VIA EDGAR AND ELECTRONIC MAIL

Nicholas P. Panos
Senior Special Counsel
Office of Mergers & Acquisitions
United States Securities and Exchange Commission
Division of Corporation Finance
Mail Stop 3628
100 F Street, N.E.
Washington, D.C. 20549

Re:Merrimack Pharmaceuticals, Inc. (the “Company”)
PRRN14A preliminary proxy statement filing made on Schedule 14A
Filed on August 13, 2019 by JFL Partners Fund LP, et al. (the “Proxy Statement”)
File No. 001-35409

Dear Mr. Panos:

We acknowledge receipt of the comment letter of the Staff (the “Staff”) of the U.S. Securities and Exchange Commission, dated August 15, 2019 (the “Staff Letter”), with regard to the above-referenced matter. We have reviewed the Staff Letter with JFL Partners Fund LP and the other participants in its solicitation (collectively, “JFL Capital”) and provide the following responses on JFL Capital’s behalf. For ease of reference, the comments in the Staff Letter are reproduced in italicized form below. Terms that are not otherwise defined have the meanings ascribed to them in the Proxy Statement.

Schedule 14A

Letter to Stockholders

1.Please refer to the following statement: “You can only vote for the Company’s directors by signing and returning a proxy card provided by the Company.” Please qualify this statement by indicating that stockholders may also vote for the Company’s nominees via Internet, telephone or in person at the Annual Meeting.
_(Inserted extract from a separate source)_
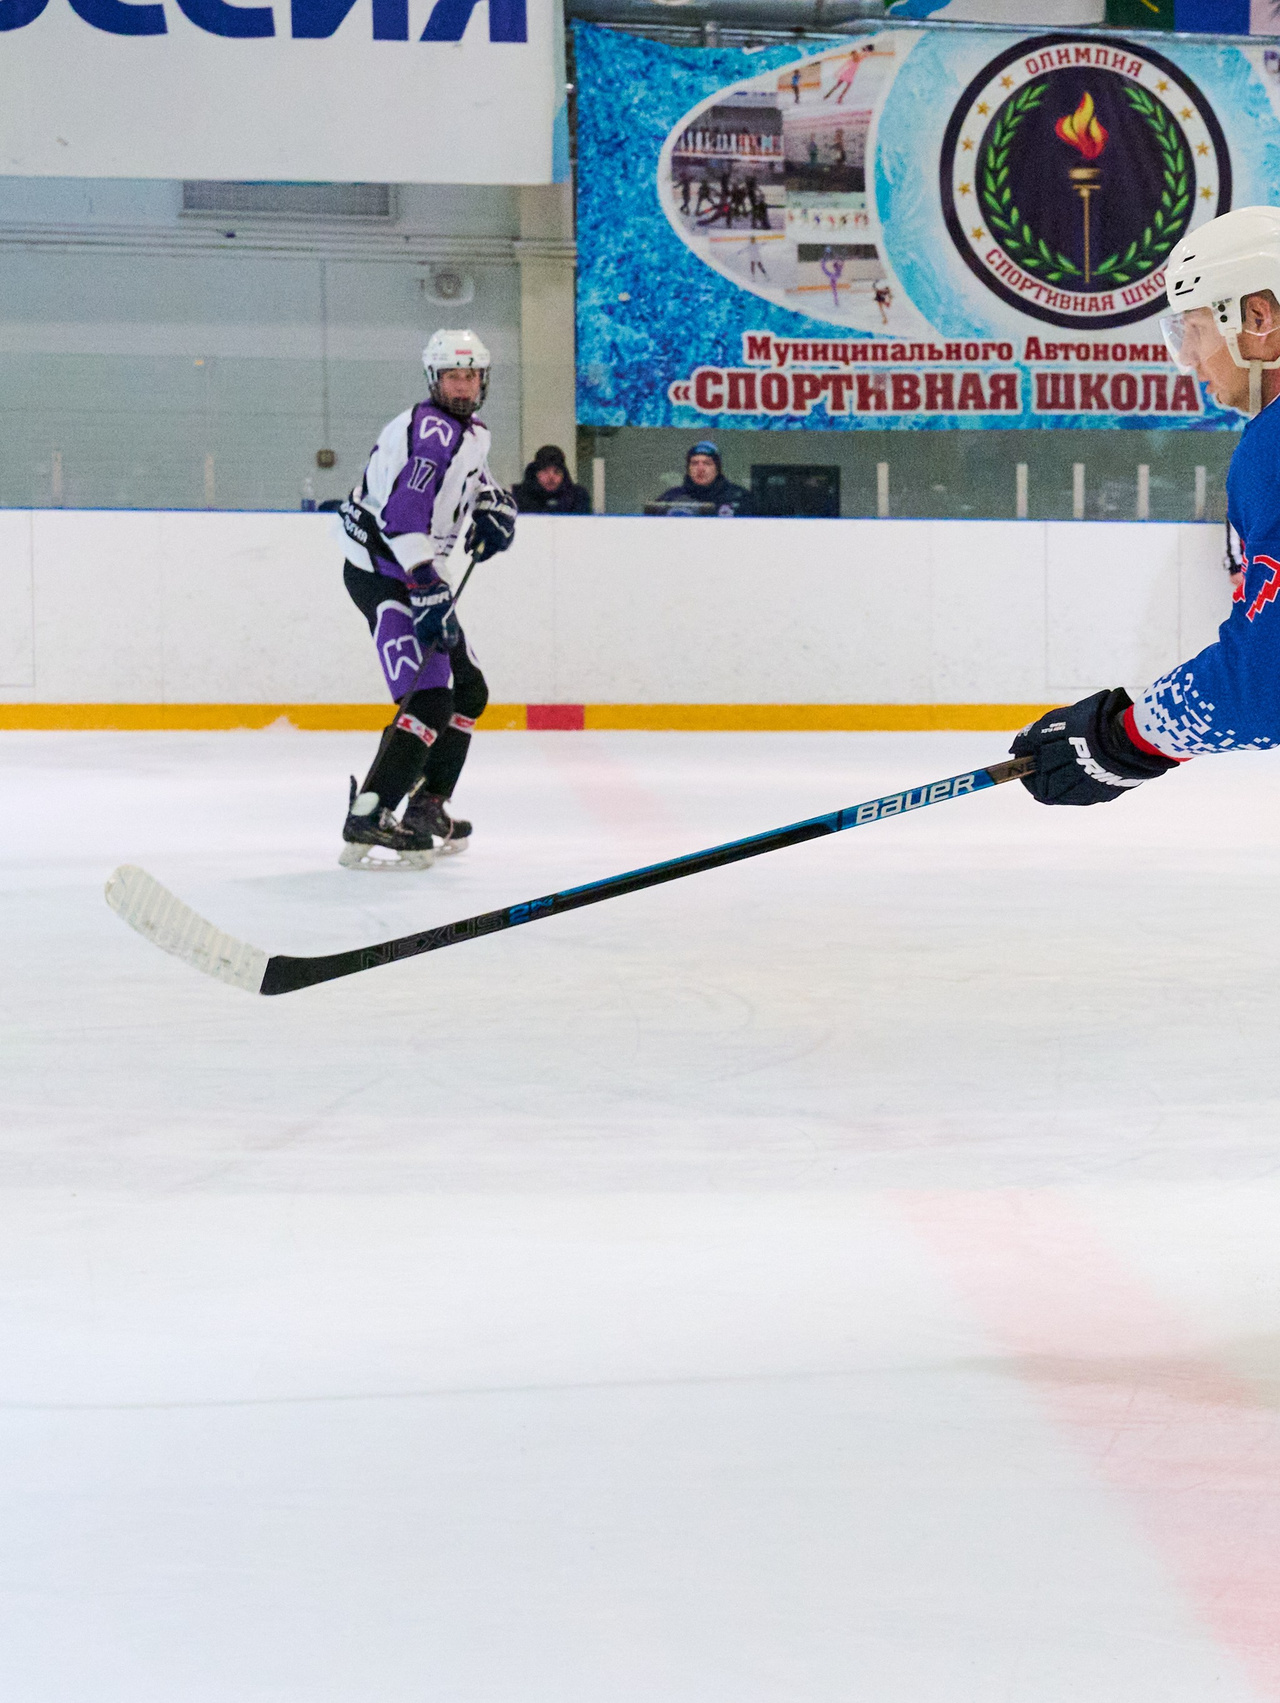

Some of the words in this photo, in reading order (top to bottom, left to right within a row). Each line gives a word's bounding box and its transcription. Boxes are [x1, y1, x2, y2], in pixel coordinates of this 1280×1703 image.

JFL Capital acknowledges the Staff’s comment and has revised the Proxy Statement accordingly. JFL Capital’s disclosure now provides that “[y]ou can only vote for the Company’s director nominees by signing and returning a proxy card provided by the Company, voting in person at the Annual Meeting or otherwise providing valid voting instructions to the Company (including by telephone or Internet).” Please see the cover letter to the Proxy Statement.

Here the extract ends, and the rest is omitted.